> WHAT THIS TASK INVOLVES
Would you please transcribe the records below exactly, leaving out the pictures?

> EXERCISE MATERIAL

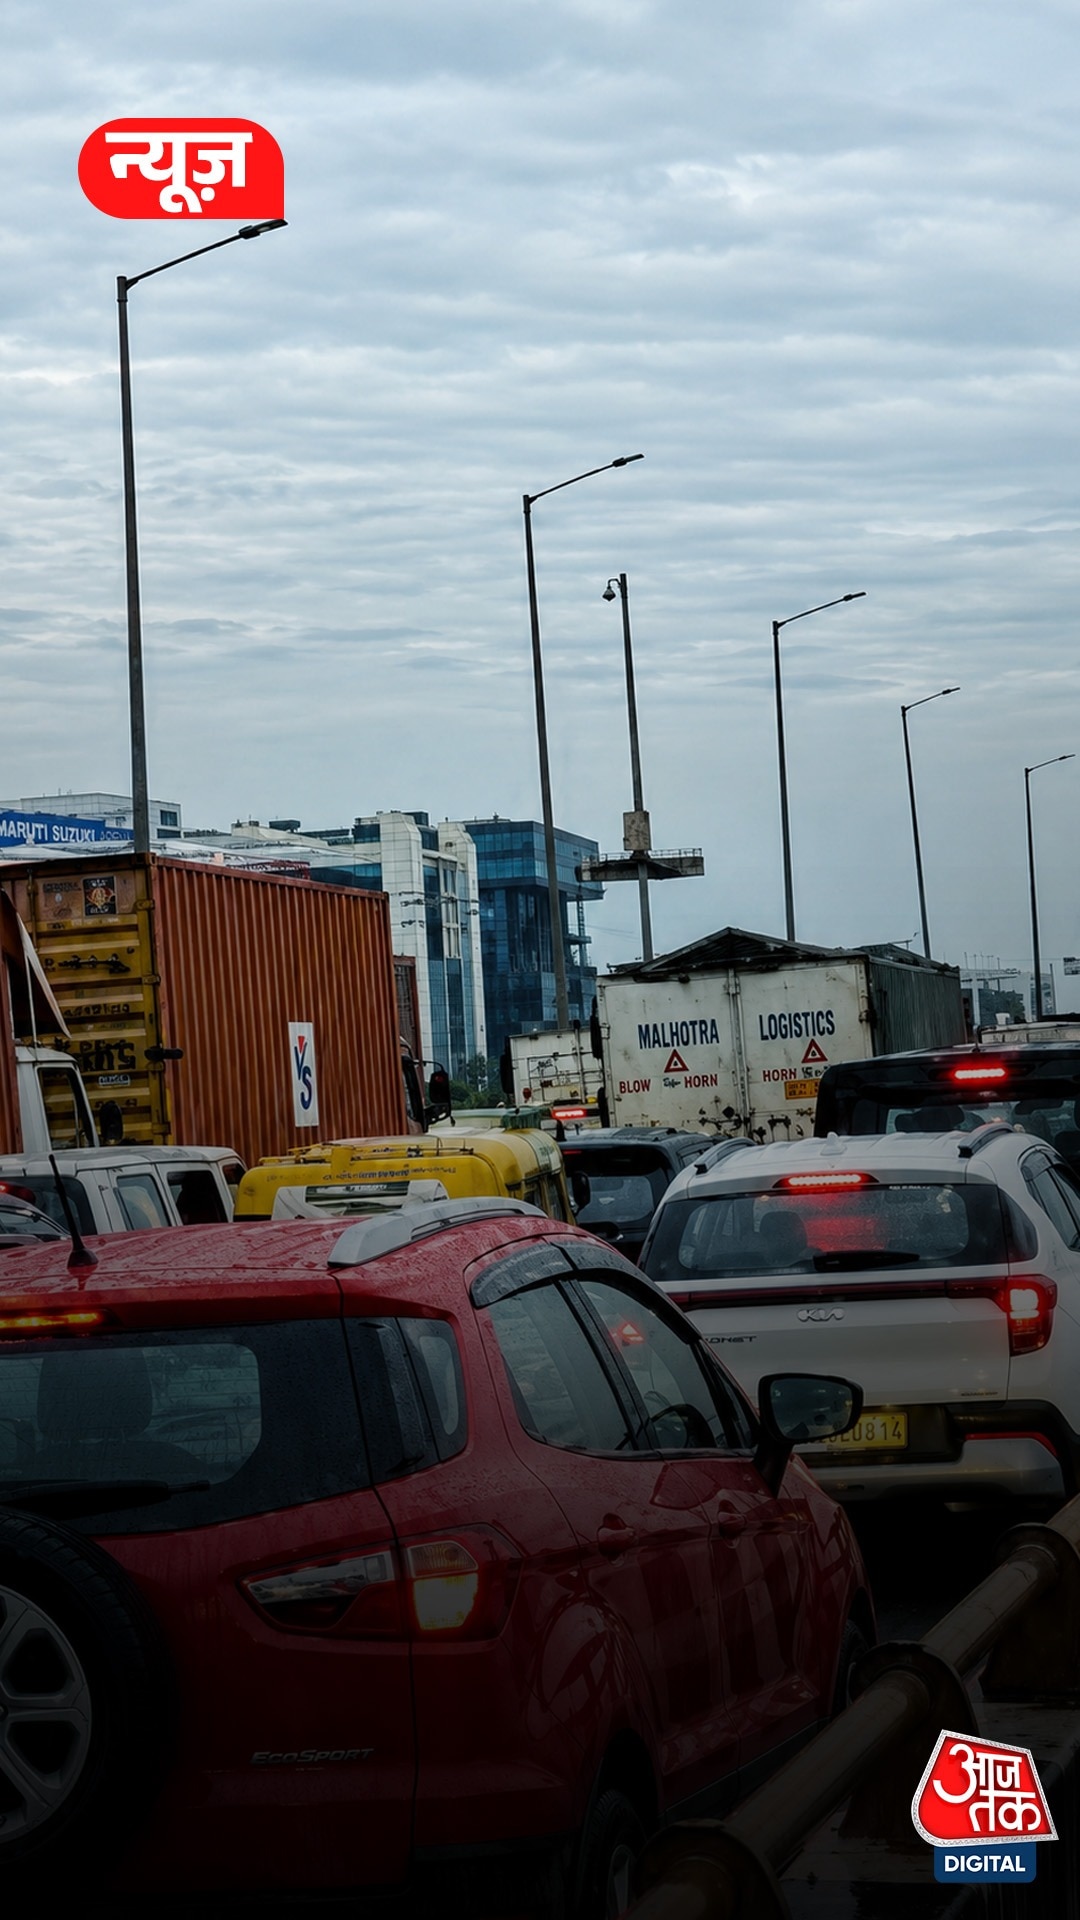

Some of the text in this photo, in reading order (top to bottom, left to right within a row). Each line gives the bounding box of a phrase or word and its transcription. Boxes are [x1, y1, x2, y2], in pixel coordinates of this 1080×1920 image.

[52, 825, 95, 843] SUZUKI
[638, 1010, 835, 1049] MALHOTRA LOGISTICS
[763, 1068, 797, 1082] HORN
[619, 1079, 651, 1094] BLOW
[684, 1074, 718, 1088] HORN
[797, 1308, 844, 1322] KIA
[704, 1335, 757, 1344] ONET
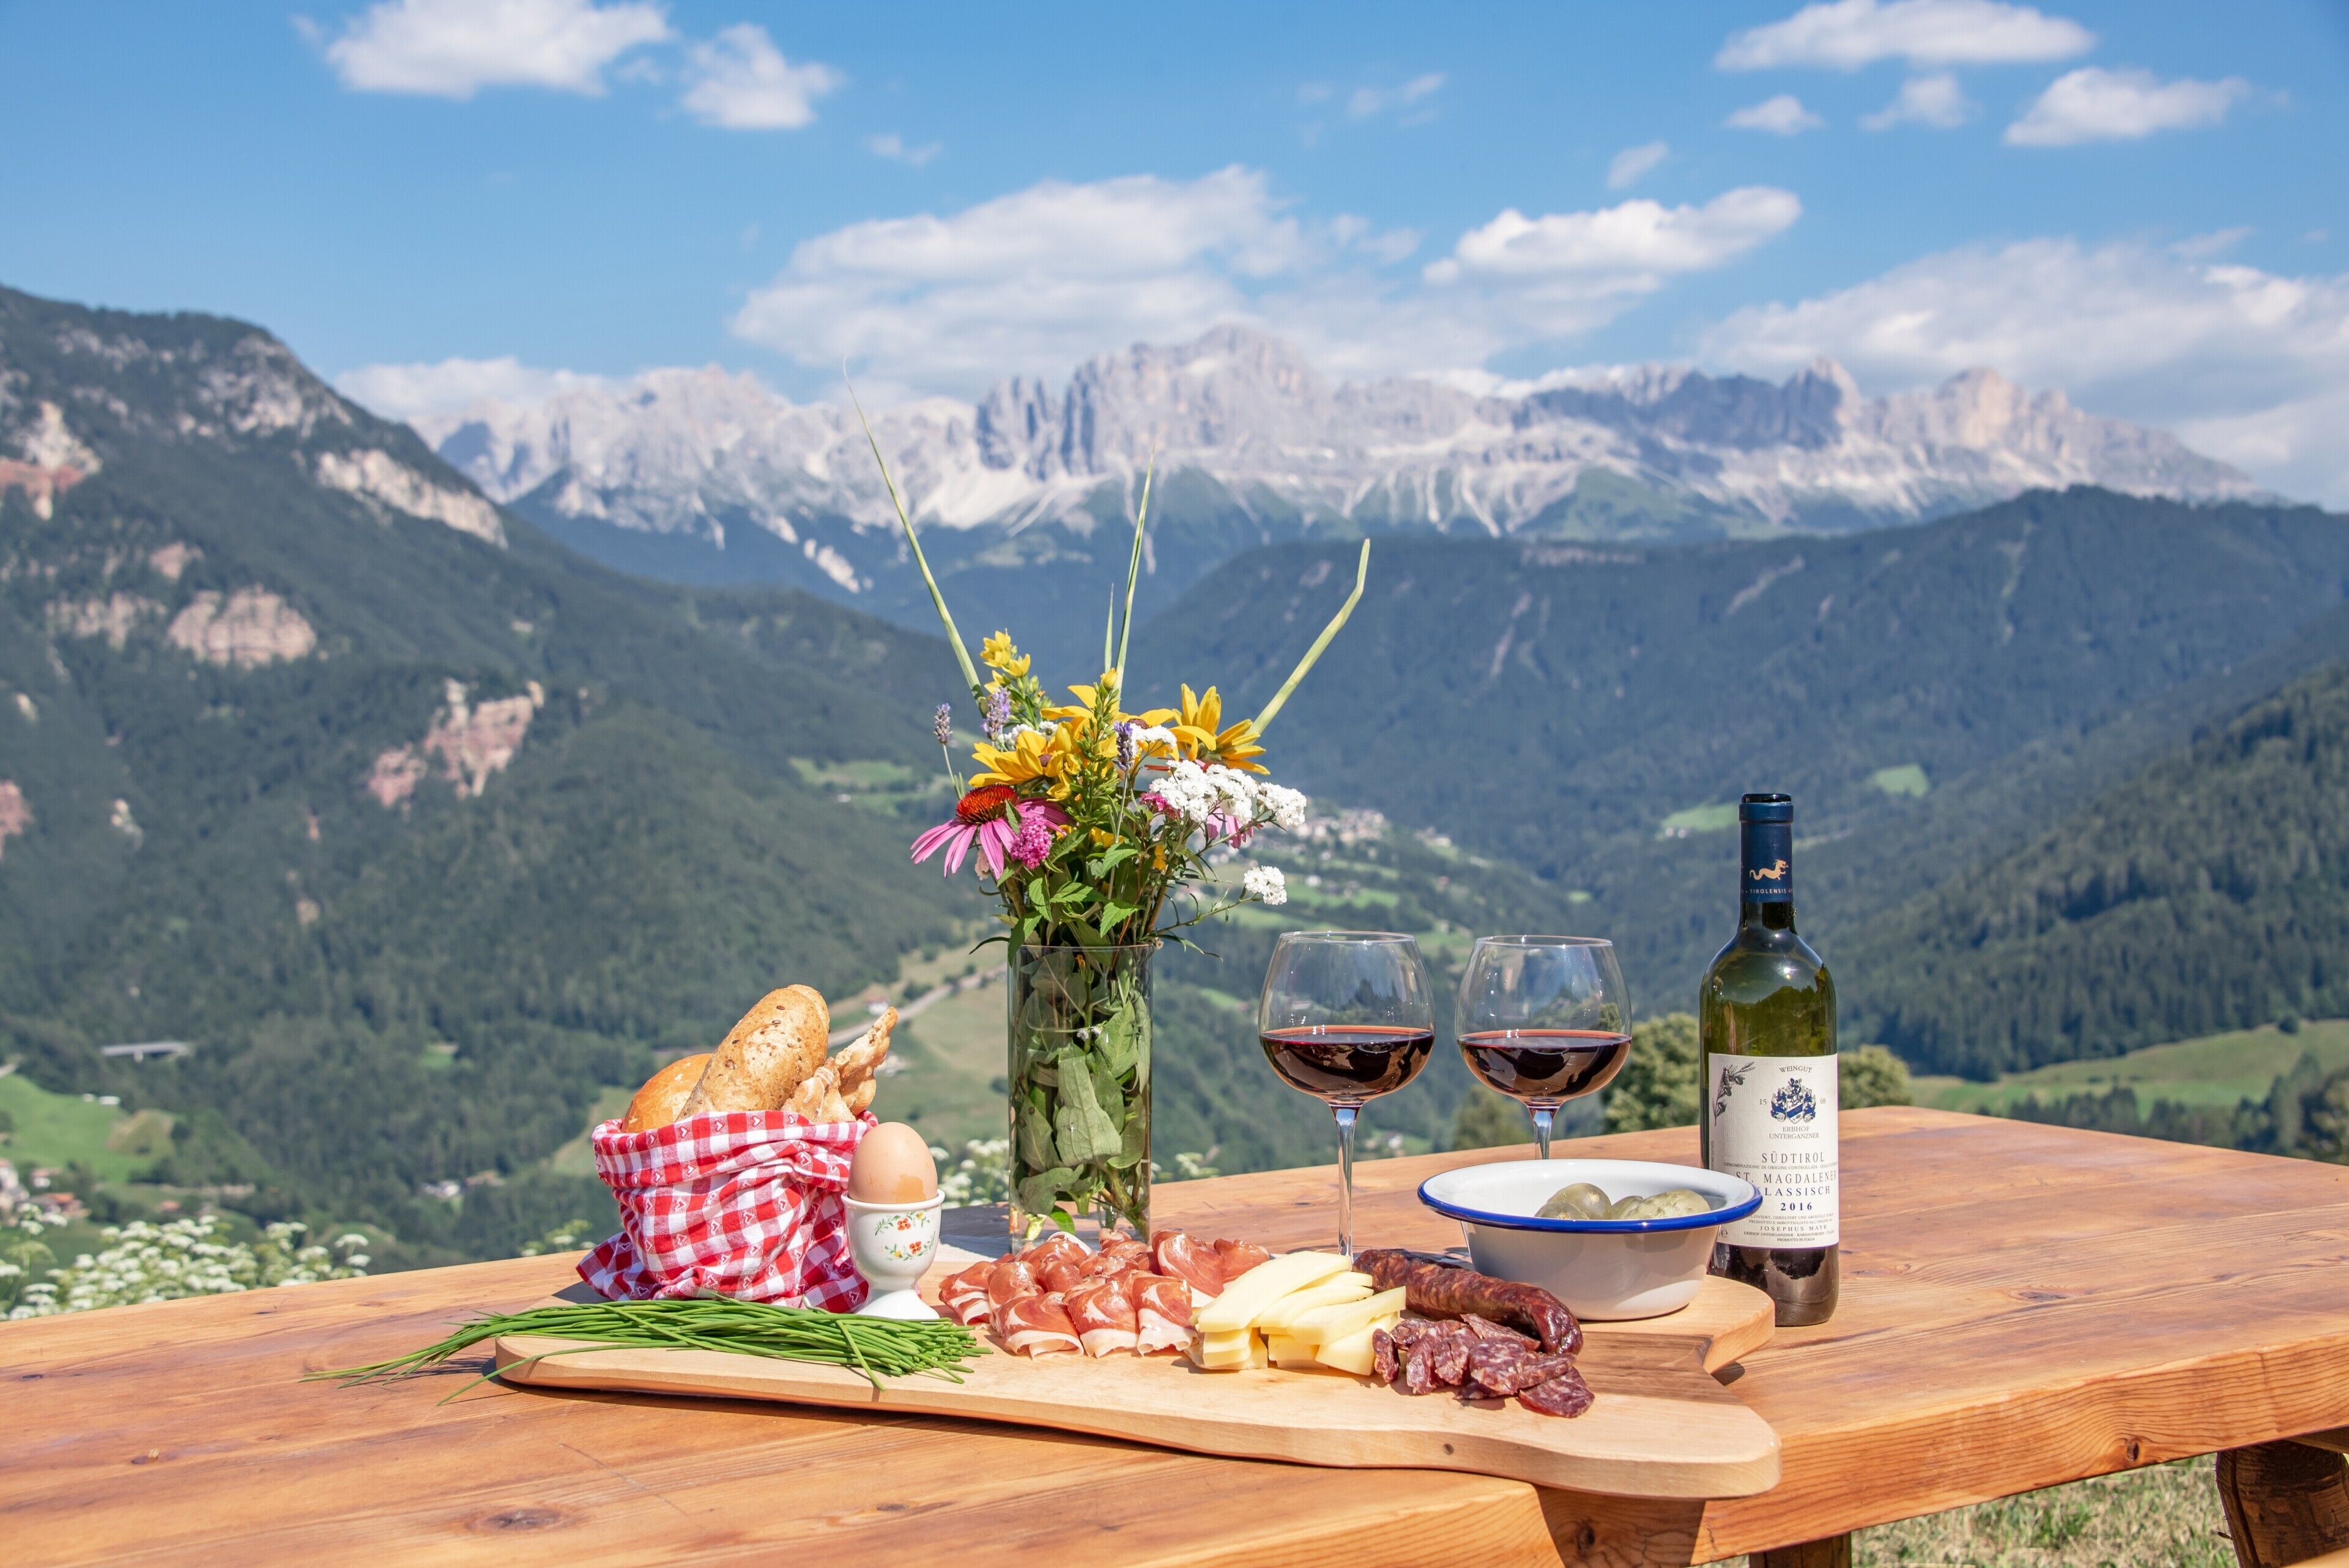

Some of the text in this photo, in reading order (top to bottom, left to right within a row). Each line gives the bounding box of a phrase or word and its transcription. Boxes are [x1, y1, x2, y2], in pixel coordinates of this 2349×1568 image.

[1762, 1151, 1824, 1163] SÜDTIROL
[1764, 1170, 1836, 1184] MAGDALENER
[1759, 1186, 1830, 1196] LASSISCH
[1781, 1202, 1812, 1211] 2016

> SOLUTION TO THE PROBLEM
Some of the text in this photo, in reading order (top to bottom, left to right within a row). Each line gives the bounding box of a phrase or word and its transcription. Boxes are [x1, y1, x2, y2], in pixel coordinates of this 1080×1920 image.

[52, 825, 95, 843] SUZUKI
[638, 1010, 835, 1049] MALHOTRA LOGISTICS
[763, 1068, 797, 1082] HORN
[619, 1079, 651, 1094] BLOW
[684, 1074, 718, 1088] HORN
[797, 1308, 844, 1322] KIA
[704, 1335, 757, 1344] ONET

Some of the text in this photo, in reading order (top to bottom, left to right within a row). Each line gives the bounding box of a phrase or word and its transcription. Boxes are [x1, y1, x2, y2], in pixel coordinates of this 2349×1568 image.

[1762, 1151, 1824, 1163] SÜDTIROL
[1764, 1170, 1836, 1184] MAGDALENER
[1759, 1186, 1830, 1196] LASSISCH
[1781, 1202, 1812, 1211] 2016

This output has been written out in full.